Dale Earnhardt Jr. picked a tough weekend to make his open-wheel debut.

Saturday's IndyCar iRacing Challenge event will feature its largest field yet, with 31 drivers taking the green flag at virtual Michigan International Speedway.

Earnhardt is no stranger to iRacing. He has been an avid gamer and consultant to the company from its earliest stages. But when it comes competing against the top talent in IndyCar, it will be a whole new ballgame.

“I've been on iRacing for a couple decades, but I haven't put much time on the INDYCAR, and obviously have no real-world experience,” said Earnhardt, who participated in practice sessions to get up to speed for the Chevrolet 275. “So there's a lot of learning and trying to understand why the car reacts the way it does and what creates those issues, because some of them are realistic and some of them maybe because of the sim or the tire model of the sim. 

“Just trying to understand how to stay out of trouble. Keep yourself out of trouble was what yesterday's practice was about, and I'm looking forward to today, practicing some more with these guys…That's what iRacing is all about, just trying to know when to stay out of trouble and then when to push. The tires are going to fall off a little bit. The car gets real, real tight in some circumstances. That's real challenging for everybody in the pack, and just knowing how to keep yourself out of trouble is the main thing.”

After more than two decades in NASCAR’s top touring divisions, the third-generation stock car driver finally attended his first Indianapolis 500 last May. While many drivers travel in different motorsports circles, his role as an NBC Sports analyst for the Greatest Spectacle in Racing offered Earnhardt a behind-the-scenes perspective on the IndyCar stars.

“I had such a great time when I went to the Indy 500 last year, and I have so much respect for the guys that are in the field and the guys that we'll be practicing with and racing with this weekend,” Earnhardt said. “It's kind of fun for me to get to know their personalities a little bit and how they interact with each other was really fun yesterday during practice. 

“I was just kind of sitting there listening to everybody go back and forth with each other, and it's kind of funny. I kind of understand that camaraderie and the back and forth that they have is really similar to what we have in the Cup Series, and they're all racers.”

The international flair appeals to Earnhardt as well. The 31 racers in Saturday’s event represent 10 different countries and eight states. Connecticut’s Sage Karam won the first IndyCar iRace at Watkins Glen, while V8 Supercars champ Scott McLaughlin was victorious last weekend at Barber Motorsports Park.

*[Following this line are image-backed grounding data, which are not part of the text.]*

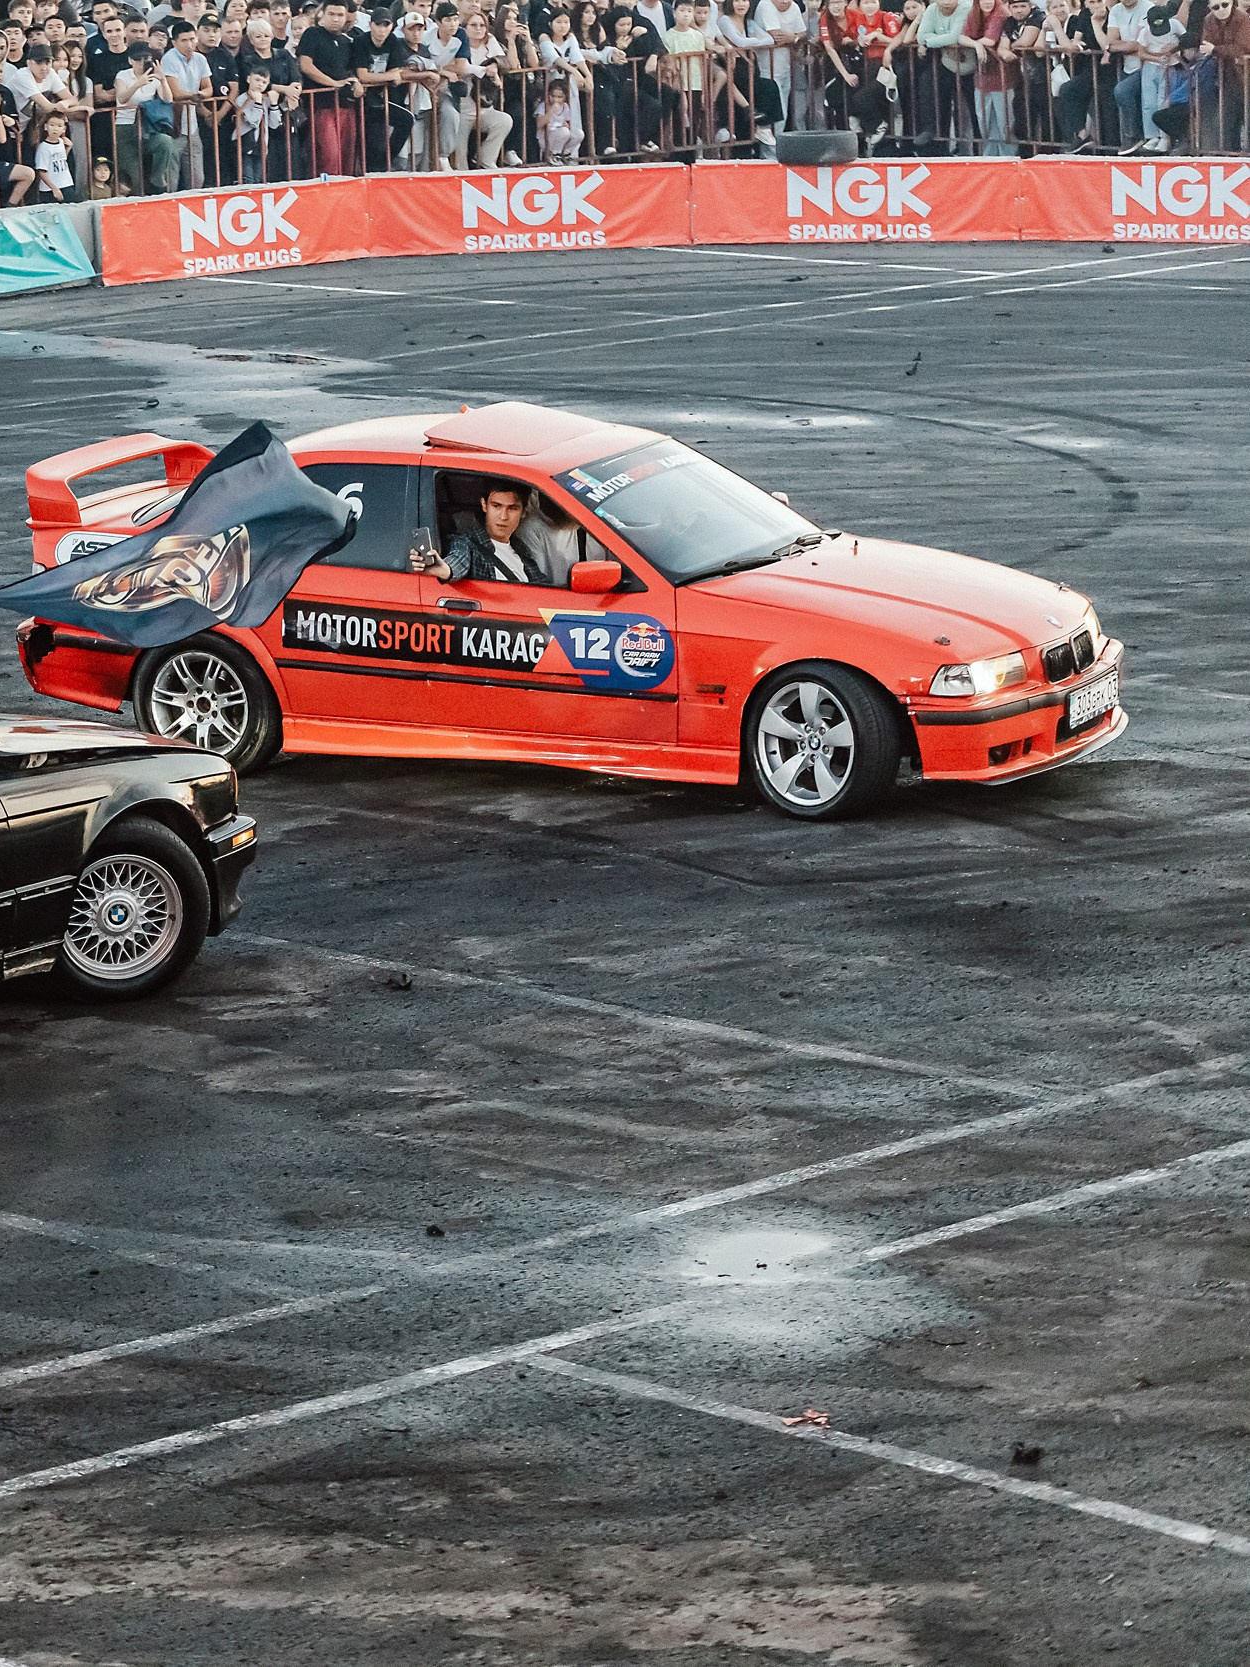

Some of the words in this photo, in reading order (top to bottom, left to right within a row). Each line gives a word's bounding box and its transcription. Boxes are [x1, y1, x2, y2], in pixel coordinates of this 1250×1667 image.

[462, 170, 607, 228] NGK
[787, 163, 933, 218] NGK
[1111, 164, 1250, 219] NGK
[179, 187, 300, 253] NGK
[788, 223, 857, 240] SPARK
[862, 223, 933, 240] PLUGS
[1113, 223, 1180, 239] SPARK
[1184, 223, 1250, 240] PLUGS
[465, 232, 535, 250] SPARK
[537, 230, 607, 248] PLUGS
[184, 256, 241, 276] SPARK
[243, 248, 302, 270] PLUGS
[296, 610, 456, 655] MOTORSPORT
[461, 626, 554, 663] KARAG
[569, 627, 610, 660] 12
[622, 638, 642, 650] Red
[643, 638, 665, 652] Bull
[623, 657, 661, 668] DRIFT
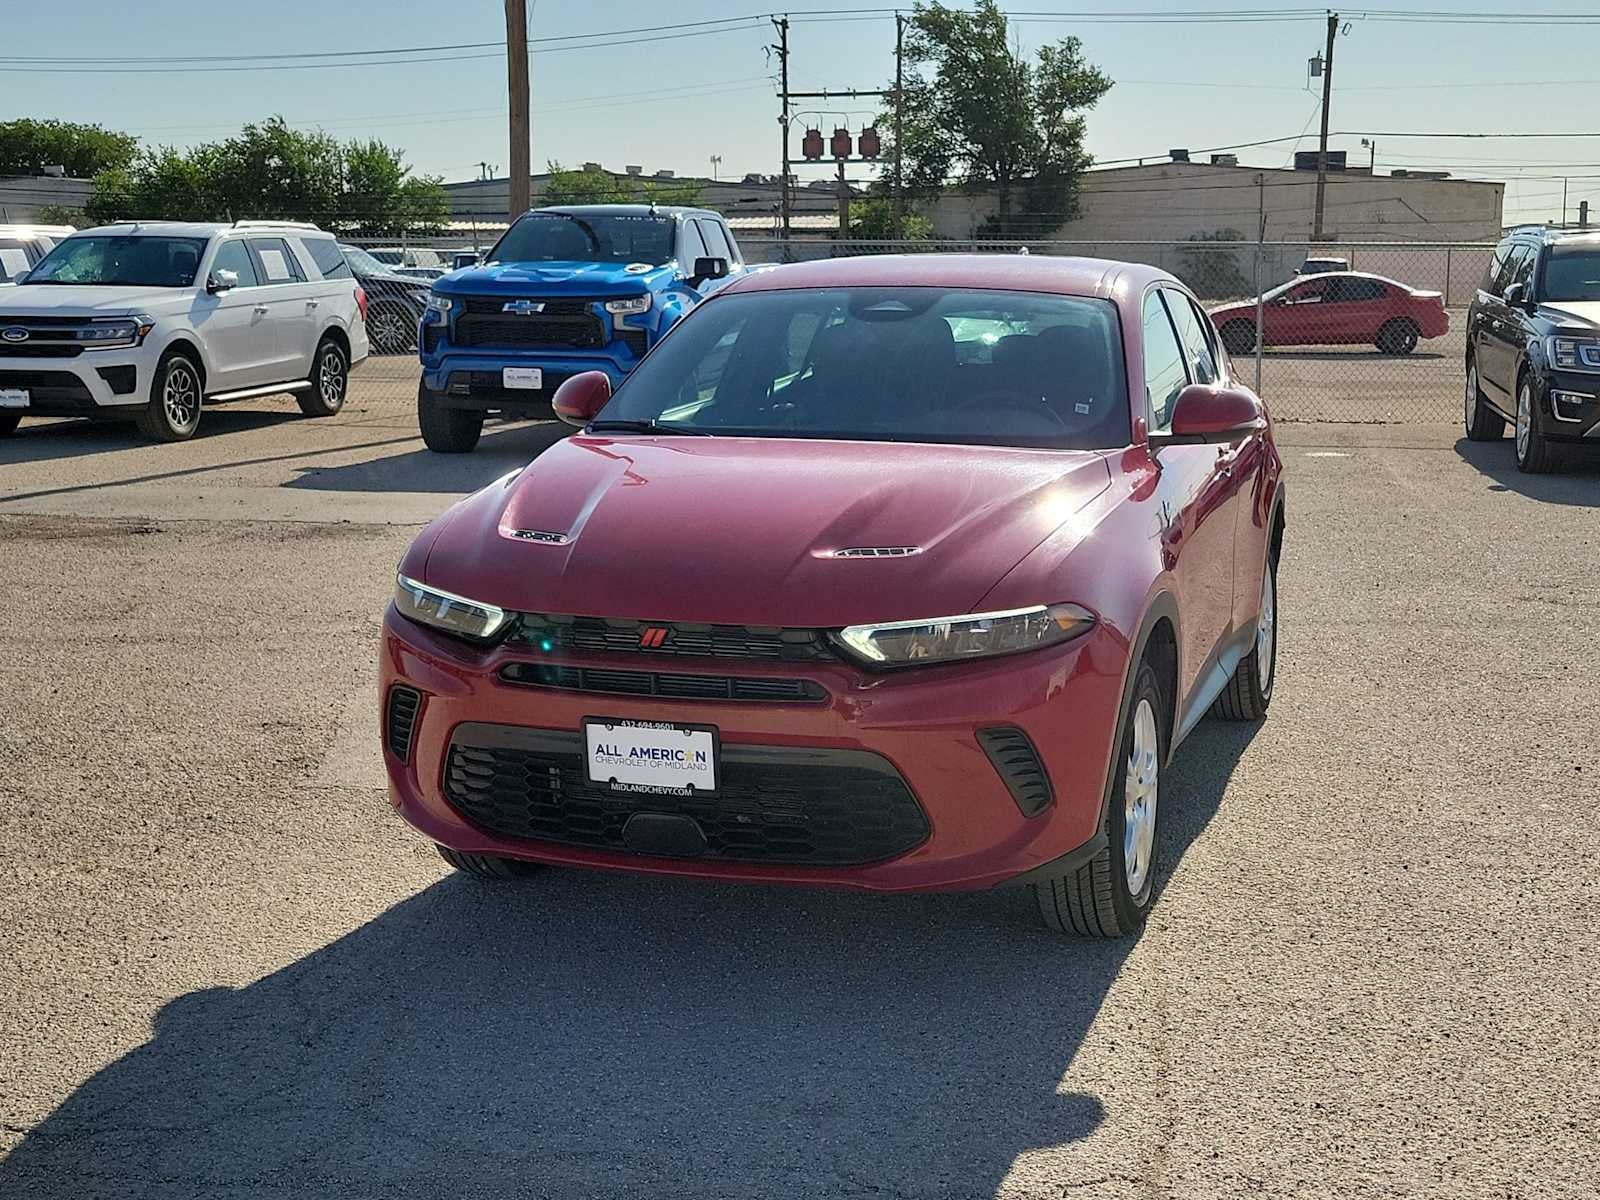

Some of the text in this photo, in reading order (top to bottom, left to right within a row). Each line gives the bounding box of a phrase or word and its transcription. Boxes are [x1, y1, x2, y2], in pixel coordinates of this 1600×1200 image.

[620, 720, 675, 731] 432-694-9601
[595, 743, 622, 757] ALL
[595, 755, 707, 771] CHEVROLET OF MIDLAND
[610, 782, 693, 797] MIDLANDCHEVY.COM
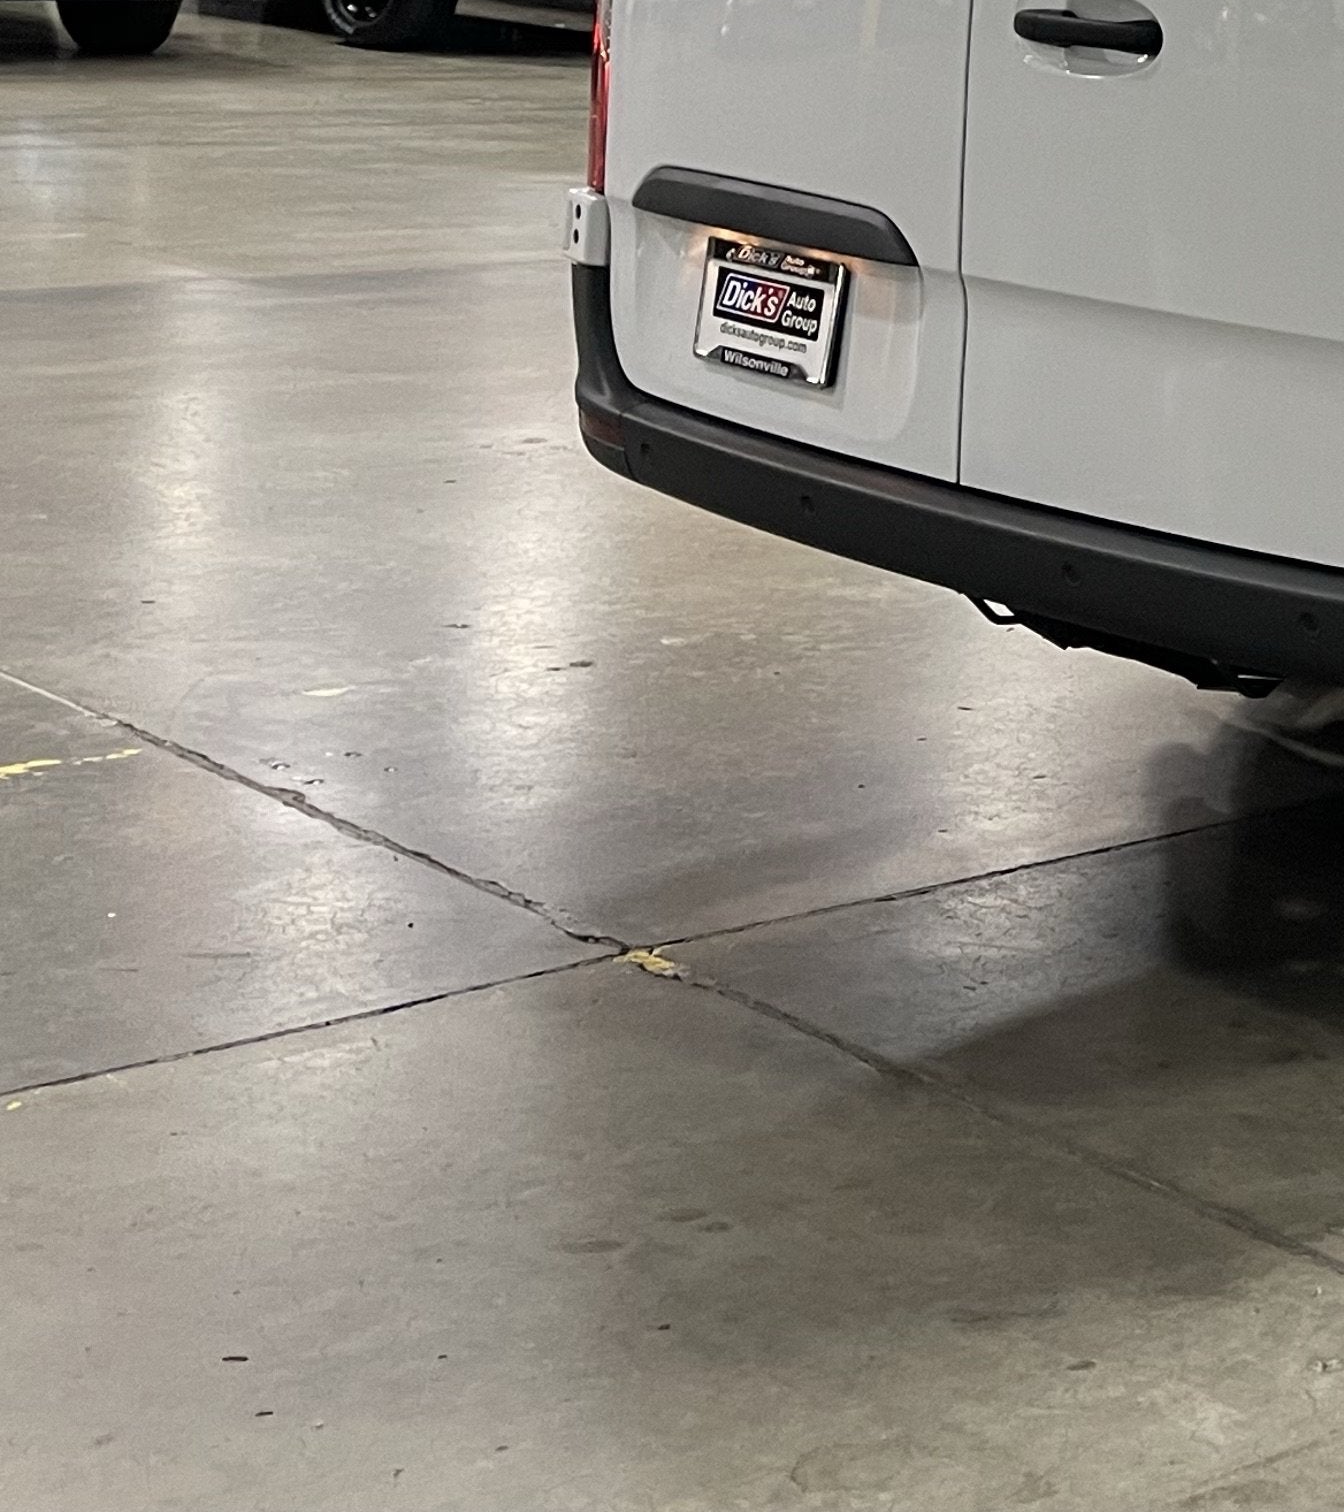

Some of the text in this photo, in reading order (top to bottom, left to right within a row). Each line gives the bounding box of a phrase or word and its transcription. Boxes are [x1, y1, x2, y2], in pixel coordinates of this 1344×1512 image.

[722, 279, 779, 317] Dick's
[787, 291, 816, 313] Auto
[781, 311, 818, 336] Group
[720, 322, 807, 354] dicksautogroup.com
[724, 349, 789, 377] Wilsonville

“Well, I think these guys have such great personalities, and they're even more diverse than what we have in NASCAR because they're from all over the world,” Earnhardt said. “I think that that's the real value in the series is the drivers and their personalities and who they are, and so I'm "fan-boying" myself just being out there hearing them talk, hearing them interact with each other, getting to know them better.

"I've got a few friends in the series, but certainly want to know the other guys and get to know the rest of them really well, so this is such a great opportunity for me to do that, and I think the fans are really going to appreciate getting the opportunity to see them on the racetrack, on the virtual racetrack throughout this break, to get to know them even more.”

Although Earnhardt enters the race as an IndyCar rookie, three series regulars—Ryan Hunter-Reay, Marco Andretti and Tony Kanaan will make their iRacing debut this weekend at MIS. Earnhardt believes patience will be the key to keeping the No. 3 Nationwide/JR Motorsports Chevy on the track.

"There's two kind of trains of thought there, that you can go real hard and try to keep yourself toward the front if you can because there'll hopefully not be a lot of trouble up there, or if you're not able to do that, you've got to hope that you don't get caught up in anything going on in the middle or back of the back which is definitely probably going to have some action.

"I definitely don't want to be the one to start any crashes. I'm the new guy. It definitely is—I’m a fish out of water, and just being able to shift gears and have gear selection while you're drafting and trying to understand how to produce opportunities using that is really foreign to me, so I'm learning on the fly. All these guys have been really helpful, the ones I've reached out to have been very supportive, and it's a good group.”